- [Saved entries]:

# # #

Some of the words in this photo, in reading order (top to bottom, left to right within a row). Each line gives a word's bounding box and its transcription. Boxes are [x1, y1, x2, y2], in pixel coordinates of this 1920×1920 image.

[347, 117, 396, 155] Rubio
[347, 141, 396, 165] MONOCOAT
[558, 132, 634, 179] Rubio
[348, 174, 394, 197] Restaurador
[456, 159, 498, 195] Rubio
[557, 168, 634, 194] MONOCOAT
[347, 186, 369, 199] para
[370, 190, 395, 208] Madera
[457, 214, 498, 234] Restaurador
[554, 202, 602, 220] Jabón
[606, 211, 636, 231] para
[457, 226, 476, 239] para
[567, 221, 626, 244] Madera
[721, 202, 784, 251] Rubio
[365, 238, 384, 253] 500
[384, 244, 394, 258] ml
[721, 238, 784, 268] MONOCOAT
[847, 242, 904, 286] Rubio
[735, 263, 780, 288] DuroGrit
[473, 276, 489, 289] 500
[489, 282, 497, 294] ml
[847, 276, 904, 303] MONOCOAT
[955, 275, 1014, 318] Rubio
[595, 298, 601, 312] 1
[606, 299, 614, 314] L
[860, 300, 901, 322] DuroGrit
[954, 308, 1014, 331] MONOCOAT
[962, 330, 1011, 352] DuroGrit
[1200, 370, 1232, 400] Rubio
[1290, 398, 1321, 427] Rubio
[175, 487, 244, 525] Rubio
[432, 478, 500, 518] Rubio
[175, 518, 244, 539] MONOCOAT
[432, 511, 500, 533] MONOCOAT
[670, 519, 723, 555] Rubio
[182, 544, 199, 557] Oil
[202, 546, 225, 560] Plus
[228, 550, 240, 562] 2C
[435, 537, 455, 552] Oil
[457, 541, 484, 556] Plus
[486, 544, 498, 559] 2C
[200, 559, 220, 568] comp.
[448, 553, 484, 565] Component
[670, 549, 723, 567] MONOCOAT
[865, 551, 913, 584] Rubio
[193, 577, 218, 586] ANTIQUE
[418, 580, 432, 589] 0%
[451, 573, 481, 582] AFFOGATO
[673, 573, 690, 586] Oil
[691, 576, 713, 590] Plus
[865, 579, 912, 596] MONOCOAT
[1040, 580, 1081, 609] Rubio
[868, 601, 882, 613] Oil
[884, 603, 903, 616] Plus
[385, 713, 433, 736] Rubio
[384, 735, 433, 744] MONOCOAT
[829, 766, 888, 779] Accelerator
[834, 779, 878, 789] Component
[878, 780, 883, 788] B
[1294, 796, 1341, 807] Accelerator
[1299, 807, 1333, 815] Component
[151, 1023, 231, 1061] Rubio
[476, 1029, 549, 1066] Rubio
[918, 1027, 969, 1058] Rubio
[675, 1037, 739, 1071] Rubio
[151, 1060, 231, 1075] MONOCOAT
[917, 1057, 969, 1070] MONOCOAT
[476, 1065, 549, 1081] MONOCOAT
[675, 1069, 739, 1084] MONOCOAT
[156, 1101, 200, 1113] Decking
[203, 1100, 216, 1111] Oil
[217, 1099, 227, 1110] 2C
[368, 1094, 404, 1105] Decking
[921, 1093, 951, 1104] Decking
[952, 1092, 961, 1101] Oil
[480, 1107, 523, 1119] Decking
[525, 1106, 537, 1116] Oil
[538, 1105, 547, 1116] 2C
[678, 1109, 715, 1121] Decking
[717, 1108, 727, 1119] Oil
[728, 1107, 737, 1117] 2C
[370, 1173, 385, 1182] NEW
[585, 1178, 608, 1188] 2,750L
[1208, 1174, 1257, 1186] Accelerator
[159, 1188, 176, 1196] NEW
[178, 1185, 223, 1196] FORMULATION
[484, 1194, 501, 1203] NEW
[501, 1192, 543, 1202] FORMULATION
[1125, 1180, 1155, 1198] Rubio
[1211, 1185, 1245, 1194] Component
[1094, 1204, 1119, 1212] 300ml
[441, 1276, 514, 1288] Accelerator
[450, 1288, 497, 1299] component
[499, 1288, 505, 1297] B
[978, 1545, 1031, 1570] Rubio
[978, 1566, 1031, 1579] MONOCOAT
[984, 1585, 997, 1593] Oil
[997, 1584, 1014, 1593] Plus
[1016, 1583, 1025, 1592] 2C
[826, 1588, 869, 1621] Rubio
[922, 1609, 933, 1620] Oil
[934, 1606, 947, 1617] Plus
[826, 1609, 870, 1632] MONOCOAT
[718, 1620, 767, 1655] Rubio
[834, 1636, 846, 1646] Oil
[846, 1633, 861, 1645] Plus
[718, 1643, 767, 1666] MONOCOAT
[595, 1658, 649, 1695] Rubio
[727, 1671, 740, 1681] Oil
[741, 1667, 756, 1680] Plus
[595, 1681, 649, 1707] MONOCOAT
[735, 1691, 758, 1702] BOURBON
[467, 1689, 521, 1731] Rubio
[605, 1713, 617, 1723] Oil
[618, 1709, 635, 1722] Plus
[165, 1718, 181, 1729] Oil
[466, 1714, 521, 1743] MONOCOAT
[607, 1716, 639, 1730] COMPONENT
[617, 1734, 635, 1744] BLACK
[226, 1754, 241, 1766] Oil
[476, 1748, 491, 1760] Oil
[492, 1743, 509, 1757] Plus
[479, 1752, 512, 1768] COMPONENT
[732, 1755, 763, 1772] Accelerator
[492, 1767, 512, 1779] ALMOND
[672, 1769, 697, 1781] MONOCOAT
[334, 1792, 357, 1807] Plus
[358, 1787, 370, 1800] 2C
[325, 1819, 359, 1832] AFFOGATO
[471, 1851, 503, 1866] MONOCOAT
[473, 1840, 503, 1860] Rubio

# # #

- [ABOUT THIS EXERCISE]:
Output every record exactly as written, with nothing dropped.

- [SOLUTION TO THIS EXERCISE]:
Some of the words in this photo, in reading order (top to bottom, left to right within a row). Each line gives a word's bounding box and its transcription. Boxes are [x1, y1, x2, y2], in pixel coordinates of this 1920×1920 image.

[347, 117, 396, 155] Rubio
[347, 141, 396, 165] MONOCOAT
[558, 132, 634, 179] Rubio
[348, 174, 394, 197] Restaurador
[456, 159, 498, 195] Rubio
[557, 168, 634, 194] MONOCOAT
[347, 186, 369, 199] para
[370, 190, 395, 208] Madera
[457, 214, 498, 234] Restaurador
[554, 202, 602, 220] Jabón
[606, 211, 636, 231] para
[457, 226, 476, 239] para
[567, 221, 626, 244] Madera
[721, 202, 784, 251] Rubio
[365, 238, 384, 253] 500
[384, 244, 394, 258] ml
[721, 238, 784, 268] MONOCOAT
[847, 242, 904, 286] Rubio
[735, 263, 780, 288] DuroGrit
[473, 276, 489, 289] 500
[489, 282, 497, 294] ml
[847, 276, 904, 303] MONOCOAT
[955, 275, 1014, 318] Rubio
[595, 298, 601, 312] 1
[606, 299, 614, 314] L
[860, 300, 901, 322] DuroGrit
[954, 308, 1014, 331] MONOCOAT
[962, 330, 1011, 352] DuroGrit
[1200, 370, 1232, 400] Rubio
[1290, 398, 1321, 427] Rubio
[175, 487, 244, 525] Rubio
[432, 478, 500, 518] Rubio
[175, 518, 244, 539] MONOCOAT
[432, 511, 500, 533] MONOCOAT
[670, 519, 723, 555] Rubio
[182, 544, 199, 557] Oil
[202, 546, 225, 560] Plus
[228, 550, 240, 562] 2C
[435, 537, 455, 552] Oil
[457, 541, 484, 556] Plus
[486, 544, 498, 559] 2C
[200, 559, 220, 568] comp.
[448, 553, 484, 565] Component
[670, 549, 723, 567] MONOCOAT
[865, 551, 913, 584] Rubio
[193, 577, 218, 586] ANTIQUE
[418, 580, 432, 589] 0%
[451, 573, 481, 582] AFFOGATO
[673, 573, 690, 586] Oil
[691, 576, 713, 590] Plus
[865, 579, 912, 596] MONOCOAT
[1040, 580, 1081, 609] Rubio
[868, 601, 882, 613] Oil
[884, 603, 903, 616] Plus
[385, 713, 433, 736] Rubio
[384, 735, 433, 744] MONOCOAT
[829, 766, 888, 779] Accelerator
[834, 779, 878, 789] Component
[878, 780, 883, 788] B
[1294, 796, 1341, 807] Accelerator
[1299, 807, 1333, 815] Component
[151, 1023, 231, 1061] Rubio
[476, 1029, 549, 1066] Rubio
[918, 1027, 969, 1058] Rubio
[675, 1037, 739, 1071] Rubio
[151, 1060, 231, 1075] MONOCOAT
[917, 1057, 969, 1070] MONOCOAT
[476, 1065, 549, 1081] MONOCOAT
[675, 1069, 739, 1084] MONOCOAT
[156, 1101, 200, 1113] Decking
[203, 1100, 216, 1111] Oil
[217, 1099, 227, 1110] 2C
[368, 1094, 404, 1105] Decking
[921, 1093, 951, 1104] Decking
[952, 1092, 961, 1101] Oil
[480, 1107, 523, 1119] Decking
[525, 1106, 537, 1116] Oil
[538, 1105, 547, 1116] 2C
[678, 1109, 715, 1121] Decking
[717, 1108, 727, 1119] Oil
[728, 1107, 737, 1117] 2C
[370, 1173, 385, 1182] NEW
[585, 1178, 608, 1188] 2,750L
[1208, 1174, 1257, 1186] Accelerator
[159, 1188, 176, 1196] NEW
[178, 1185, 223, 1196] FORMULATION
[484, 1194, 501, 1203] NEW
[501, 1192, 543, 1202] FORMULATION
[1125, 1180, 1155, 1198] Rubio
[1211, 1185, 1245, 1194] Component
[1094, 1204, 1119, 1212] 300ml
[441, 1276, 514, 1288] Accelerator
[450, 1288, 497, 1299] component
[499, 1288, 505, 1297] B
[978, 1545, 1031, 1570] Rubio
[978, 1566, 1031, 1579] MONOCOAT
[984, 1585, 997, 1593] Oil
[997, 1584, 1014, 1593] Plus
[1016, 1583, 1025, 1592] 2C
[826, 1588, 869, 1621] Rubio
[922, 1609, 933, 1620] Oil
[934, 1606, 947, 1617] Plus
[826, 1609, 870, 1632] MONOCOAT
[718, 1620, 767, 1655] Rubio
[834, 1636, 846, 1646] Oil
[846, 1633, 861, 1645] Plus
[718, 1643, 767, 1666] MONOCOAT
[595, 1658, 649, 1695] Rubio
[727, 1671, 740, 1681] Oil
[741, 1667, 756, 1680] Plus
[595, 1681, 649, 1707] MONOCOAT
[735, 1691, 758, 1702] BOURBON
[467, 1689, 521, 1731] Rubio
[605, 1713, 617, 1723] Oil
[618, 1709, 635, 1722] Plus
[165, 1718, 181, 1729] Oil
[466, 1714, 521, 1743] MONOCOAT
[607, 1716, 639, 1730] COMPONENT
[617, 1734, 635, 1744] BLACK
[226, 1754, 241, 1766] Oil
[476, 1748, 491, 1760] Oil
[492, 1743, 509, 1757] Plus
[479, 1752, 512, 1768] COMPONENT
[732, 1755, 763, 1772] Accelerator
[492, 1767, 512, 1779] ALMOND
[672, 1769, 697, 1781] MONOCOAT
[334, 1792, 357, 1807] Plus
[358, 1787, 370, 1800] 2C
[325, 1819, 359, 1832] AFFOGATO
[471, 1851, 503, 1866] MONOCOAT
[473, 1840, 503, 1860] Rubio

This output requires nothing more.